White has just wrapped up production on the television series Hell Below. He was director of photography for the six-part series for Smithsonian Television on submarine warfare in the Second World War, now airing Tuesday nights on Smithsonian.
White was born and raised in Victoria. One of his first professional jobs, from 1998 to 2000, was as a photographer at the Times Colonist.
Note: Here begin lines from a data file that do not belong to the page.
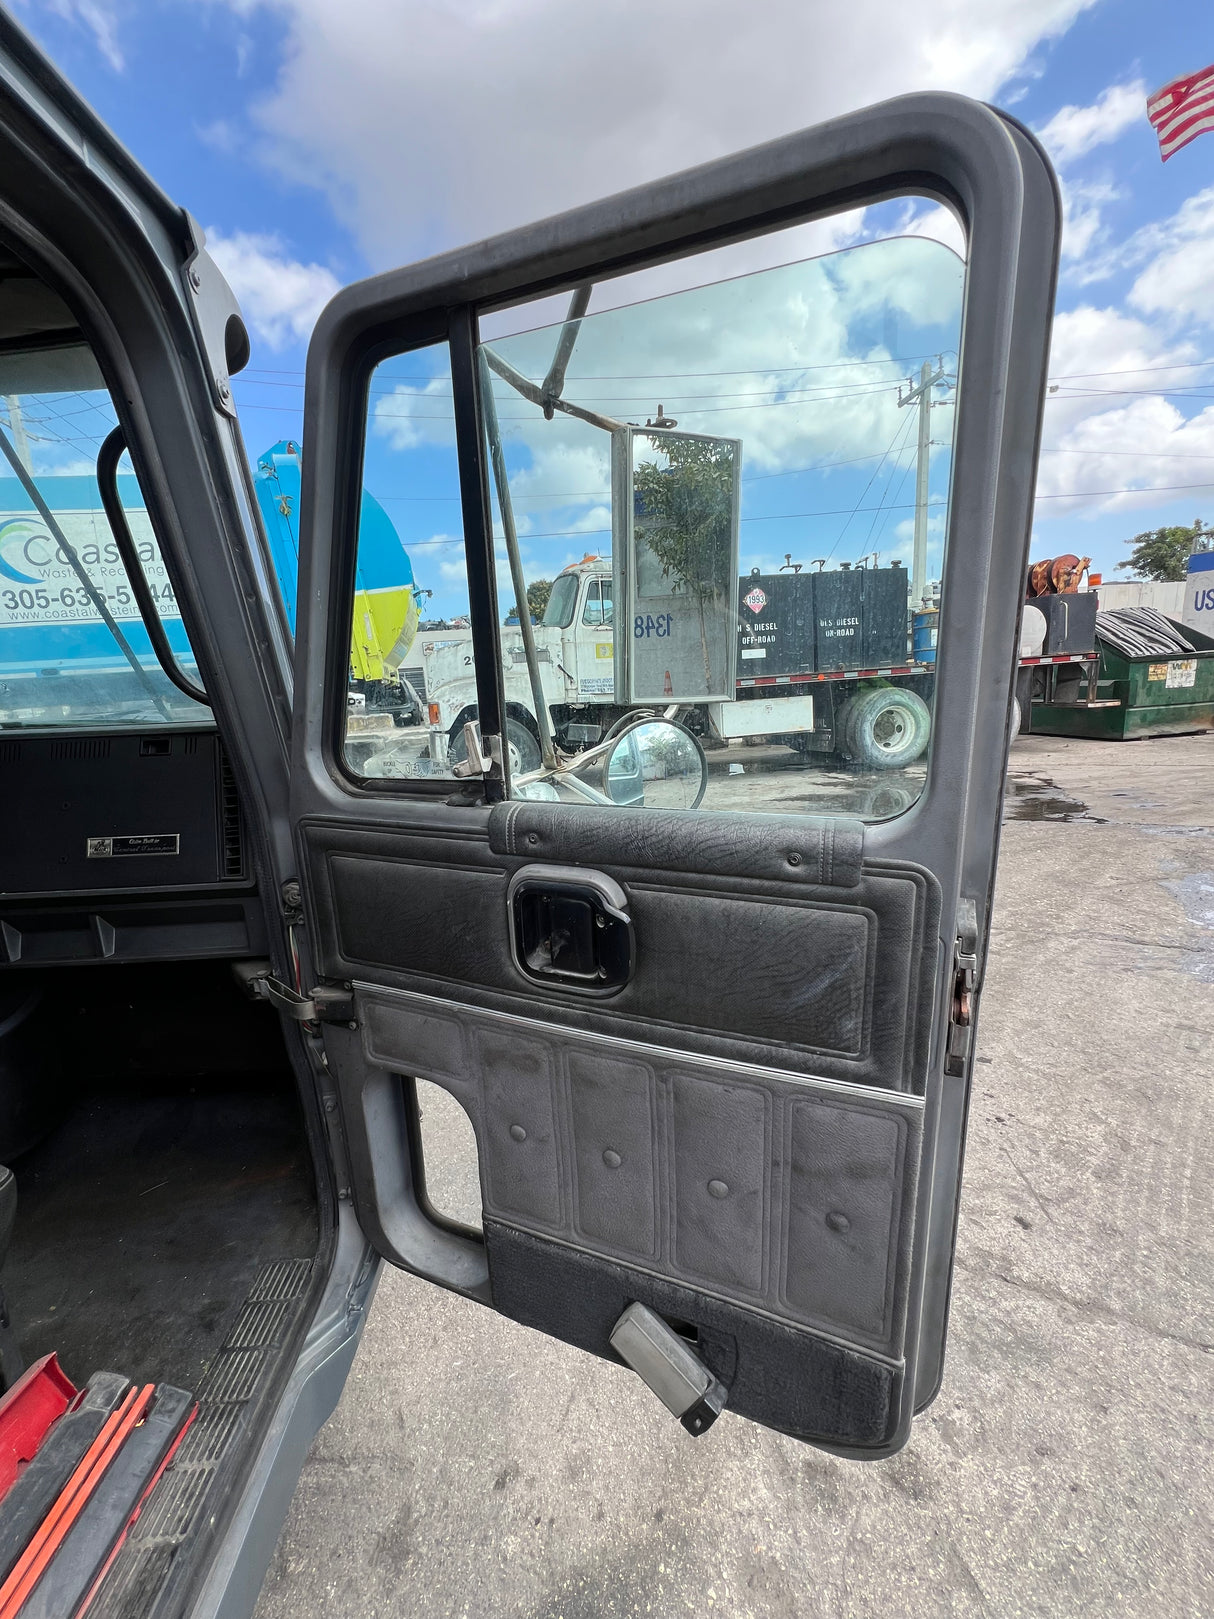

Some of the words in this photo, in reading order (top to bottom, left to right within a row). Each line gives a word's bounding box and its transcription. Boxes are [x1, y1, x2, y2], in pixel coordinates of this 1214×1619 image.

[23, 534, 163, 567] Coasa
[86, 567, 96, 577] &
[101, 564, 165, 577] Recing
[2, 582, 175, 610] 305-635-544
[748, 595, 765, 604] 1993
[754, 622, 778, 631] DIESEL
[836, 617, 860, 626] DIESEL
[742, 635, 776, 645] OFF-ROAD
He left to expand his work, mostly in video.
White now lives in Tofino with his wife and two-year-old daughter, and pursues a wide variety of subjects around the world.
He has worked on The Most Dangerous Jobs series for Discovery Channel and another series on Crusaders Castles in the Middle East (it ended when civil war broke out in Syria).
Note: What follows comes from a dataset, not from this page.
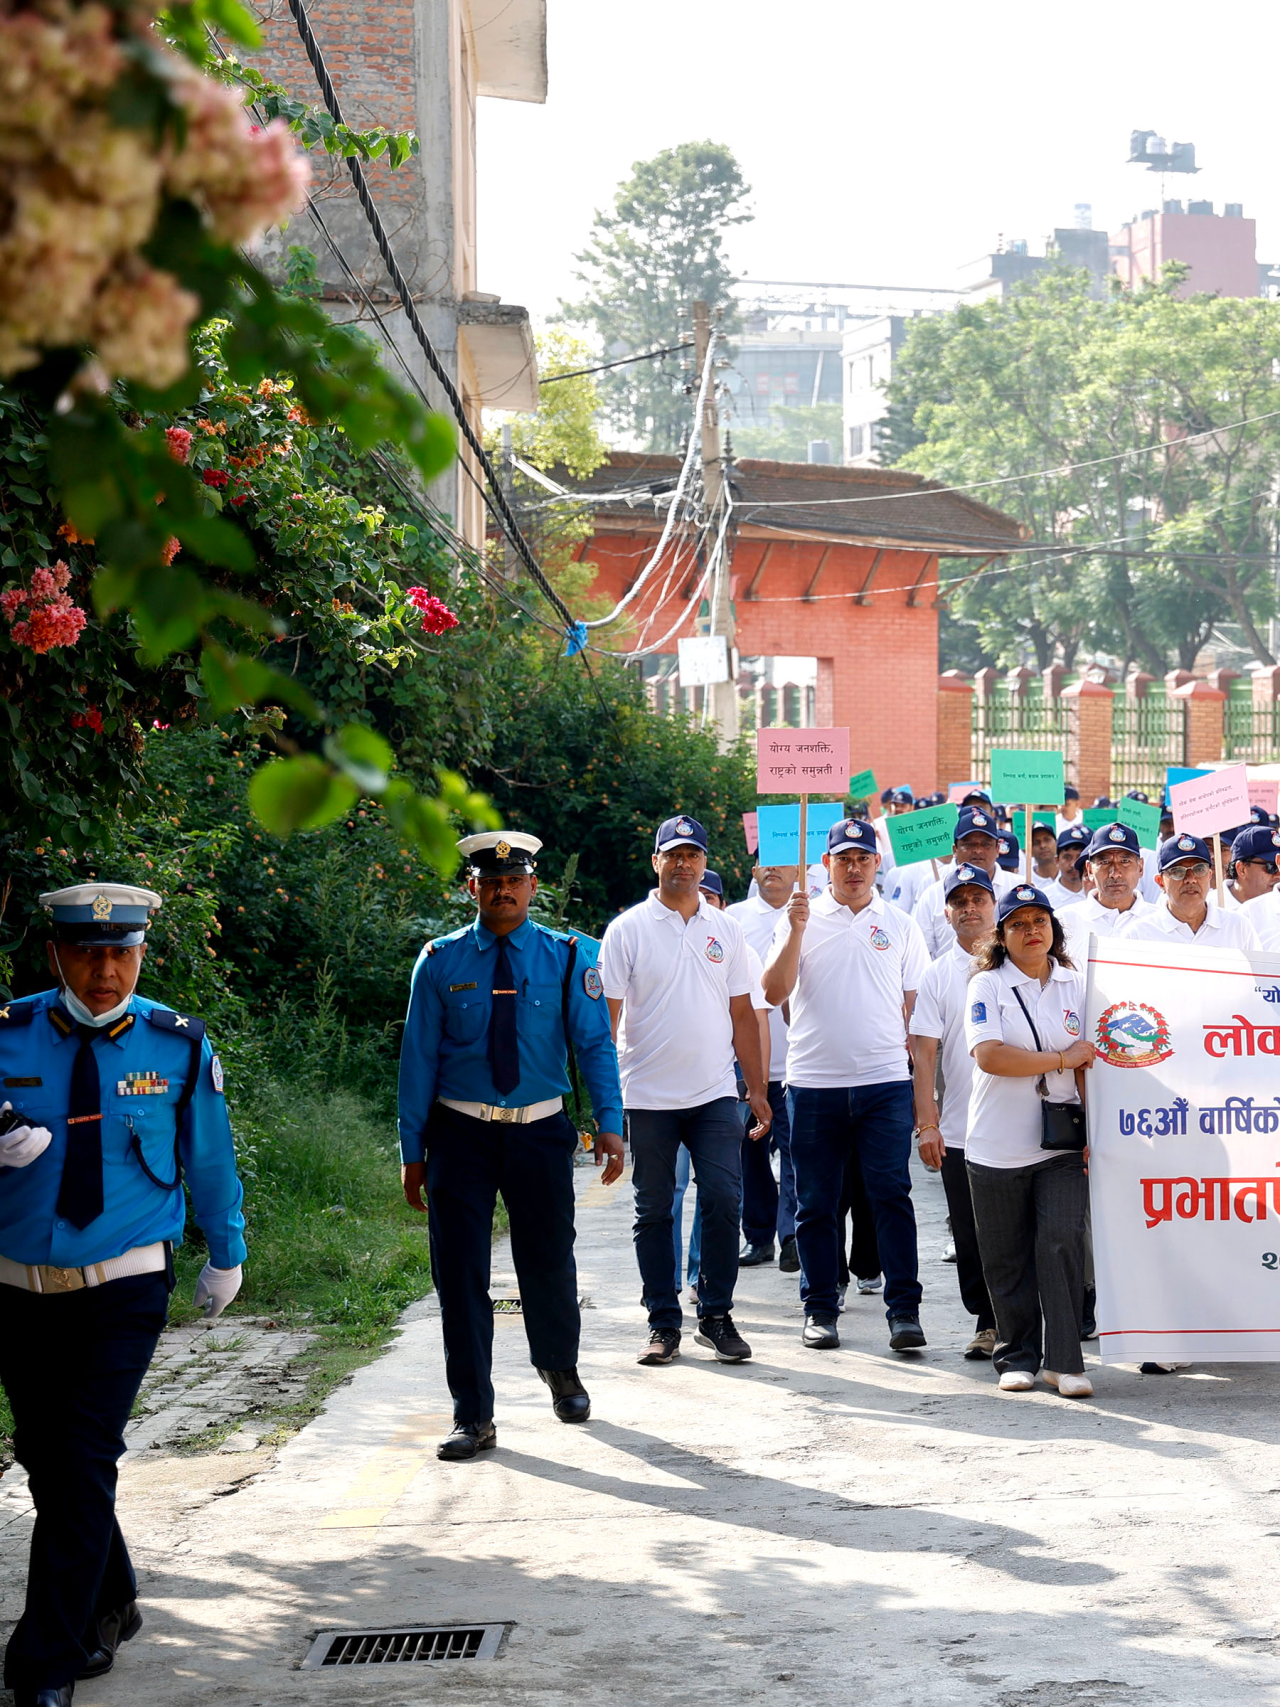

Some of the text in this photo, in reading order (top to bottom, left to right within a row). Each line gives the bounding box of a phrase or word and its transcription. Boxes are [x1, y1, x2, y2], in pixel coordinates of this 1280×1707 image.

[769, 742, 791, 753] योग्य
[769, 764, 797, 778] राष्ट्रको
[801, 764, 832, 778] समुन्नती
[896, 825, 914, 835] योग्य
Even just prior to the submarine assignment, with Vancouver-based Parallax Film, White said he was in the Bahamas for a series on that island nation’s own wildlife.
Hell Below, however, took him into a world with which he had much less experience: the close confines of submarines. Much of the video shooting was done on two actual Second World Subs, one American and one German, which now function has museums.
In both subs, the series used actors to re-create actual battle actions. Various naval military experts provided information and context.
White and the video crews travelled to Cleveland, Ohio, where the USS Cod, a Gato-class submarine and veteran of Pacific actions, now rests as a naval museum. Similarly they travelled to Laboe, in Germany, where U-995, a Type VII-C U-boat and the workhorse of the German submarine war, is also resting as a museum.
The crew also travelled to Halifax, where HMCS Sackville, the last remaining flower-class corvette, has been converted into a museum.
The Sackville is a small, surface vessel produced in big numbers during the Second World War. And it, too, was a workhorse, but for the anti-submarine, convoy escort service.
But it was the submarines, America and German, that still have White shaking his head over the conditions they imposed on the fighting men inside.
He said space is so tight there were times that there was no room for the director while shooting.
At the same time, in order to make the footage reflect the close confines of the submarine, much of the footage was shot with handheld cameras, held ‘right in the faces” of the actors.
Meanwhile, a production assistant might be banging, irregularly, on a pot. The noise was to make actors and film crew soak up some of the edgy atmosphere of being depth-charged — attacked with explosive bombs dropped by anti-submarine surface ships.
“We would come out at the end of the day saying ‘There is no way I could go down there for weeks on end,’ ” White said.
Hell Below airs at 8 p.m. Tuesdays on Smithsonian TV.